Jason Barsley

Personal information
- Born: 10 March 1978 (age 47) Brisbane, Queensland, Australia
- Height: 172 cm (5 ft 8 in)
- Weight: 76 kg (12 st 0 lb)

Playing information
- Position: Centre, Wing
Club
| Years | Team | Pld | T | G | FG | P |
| 2003–05 | North Qld Cowboys | 4 | 2 | 0 | 0 | 8 |
- Source: As of 3 November 2018

= Jason Barsley =

Australian rugby league footballer

Jason Barsley (born 10 March 1978) is an Australian former rugby league footballer who played for the North Queensland Cowboys in the National Rugby League. He primarily played at and on the .

==Playing career==
Born in Brisbane, Queensland, Barsley played his junior rugby league for the Mareeba Gladiators before playing for the Cairns Cyclones and Central Comets in the Queensland Cup. He joined the North Queensland Cowboys for the 2003 season.
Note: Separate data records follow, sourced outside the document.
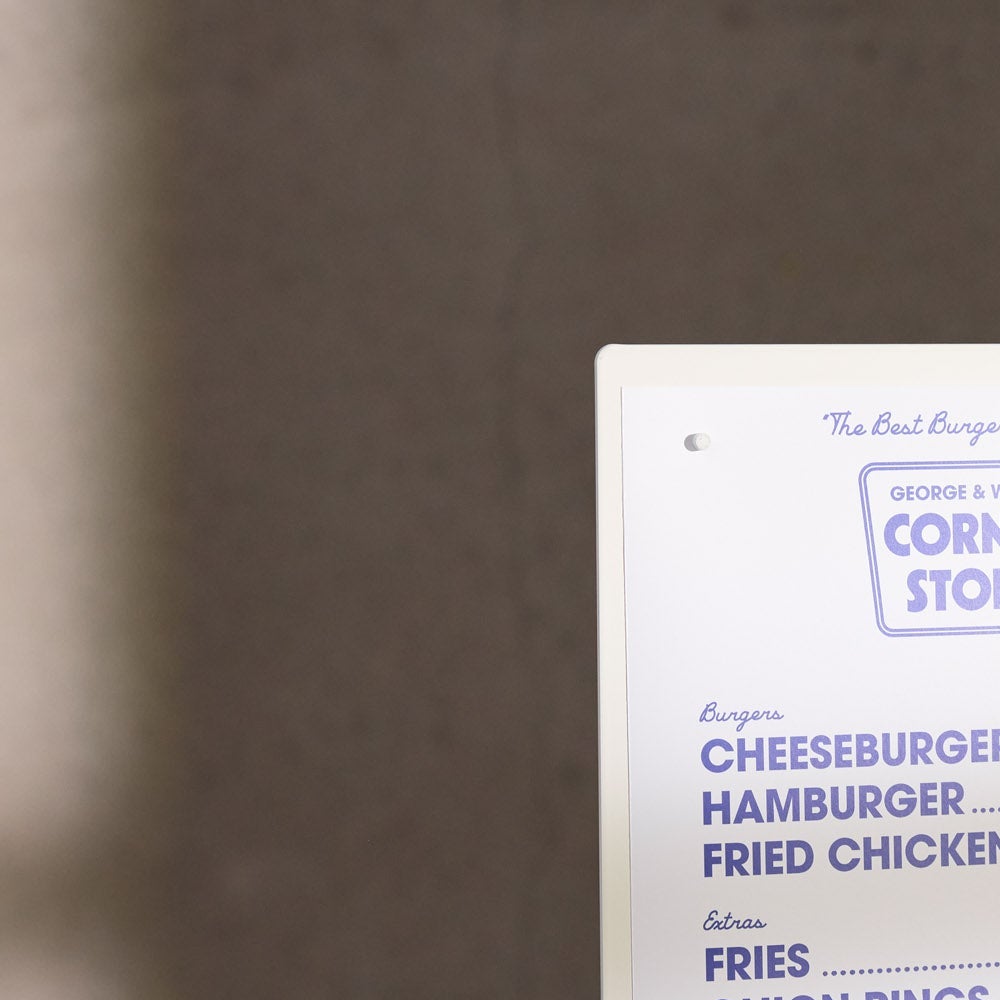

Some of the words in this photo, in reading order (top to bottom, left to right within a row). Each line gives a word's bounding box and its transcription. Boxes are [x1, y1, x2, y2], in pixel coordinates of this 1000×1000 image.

[871, 410, 924, 437] Best
[890, 485, 967, 501] GEORGE
[973, 485, 984, 499] &
[699, 701, 784, 732] Burgers
[702, 781, 964, 826] HAMBURGER
[704, 840, 814, 878] FRIED
[703, 909, 766, 931] Extras
[705, 944, 810, 982] FRIES
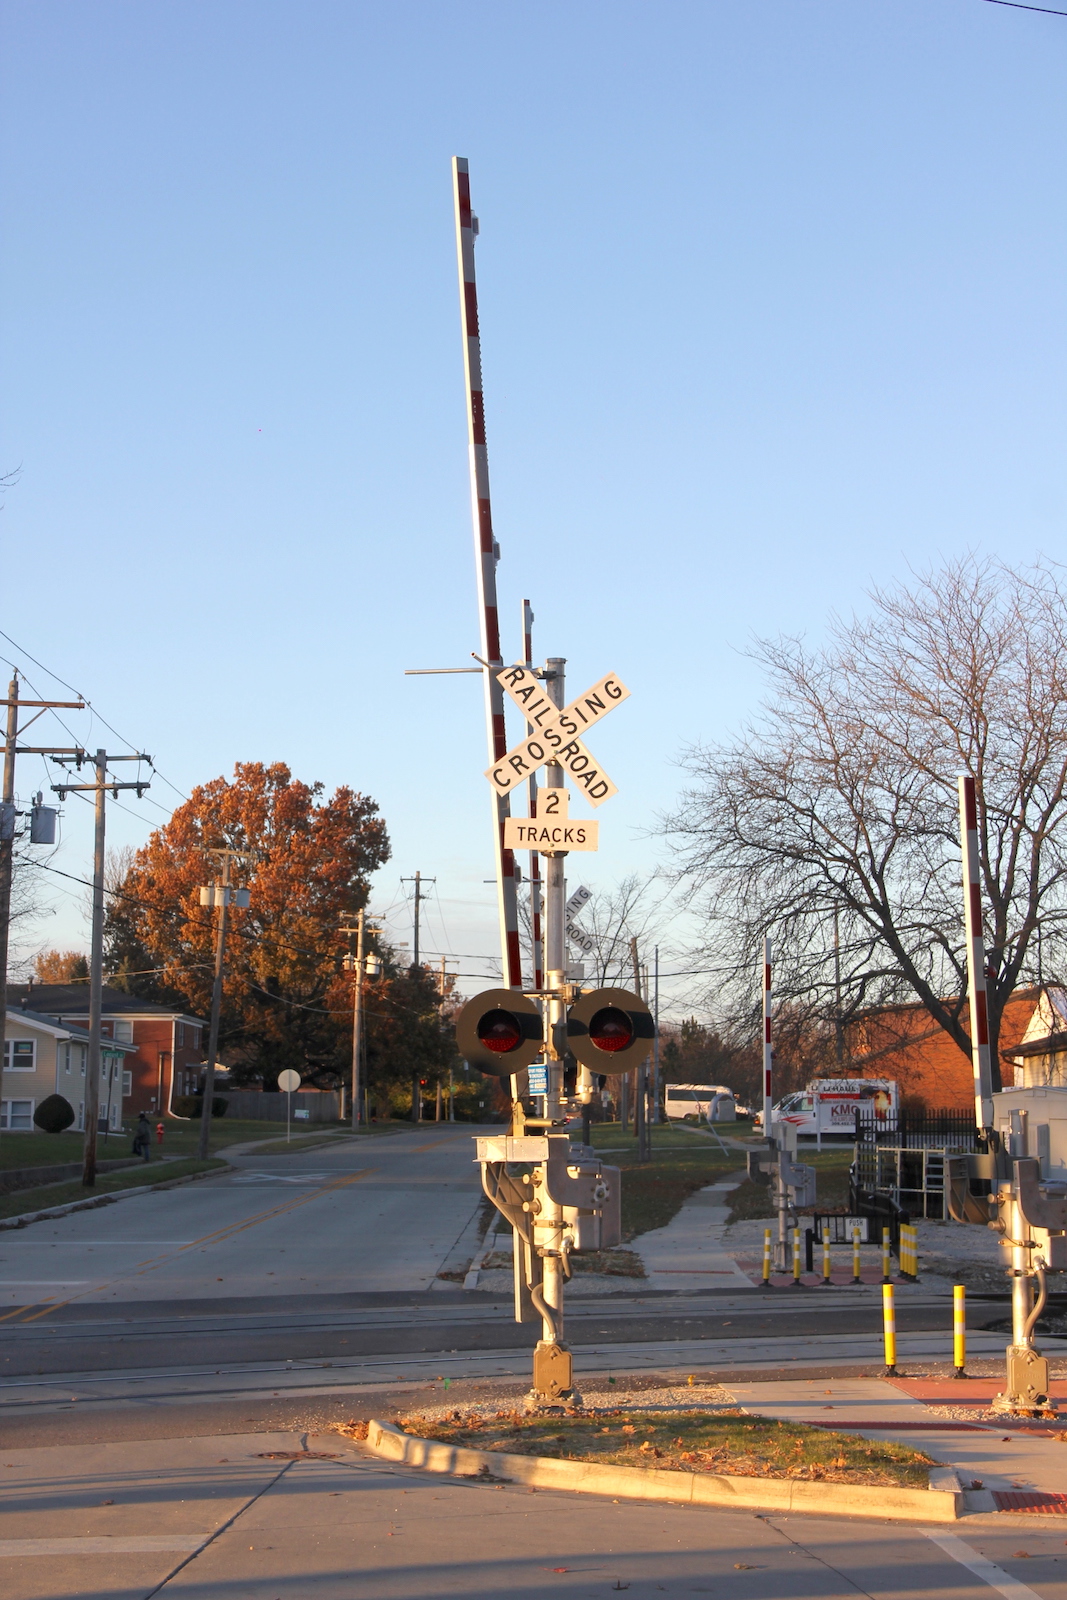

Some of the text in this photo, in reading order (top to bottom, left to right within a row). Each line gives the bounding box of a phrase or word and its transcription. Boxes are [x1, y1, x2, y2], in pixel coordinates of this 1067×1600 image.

In Round 13 of the 2003 NRL season, he made his NRL debut in the Cowboys' 24-28 golden point loss to the Penrith Panthers, scoring a try. He added two more NRL games for the Cowboys in his debut season, spending the majority of the season playing for the North Queensland Young Guns in the Queensland Cup.

In 2004, Barsley joined the Easts Tigers. He enjoyed a successful season in the Queensland Cup, starting at fullback in Easts' Grand Final loss to the Burleigh Bears, being named the club's Player of the Year and being selected for the Queensland Residents side.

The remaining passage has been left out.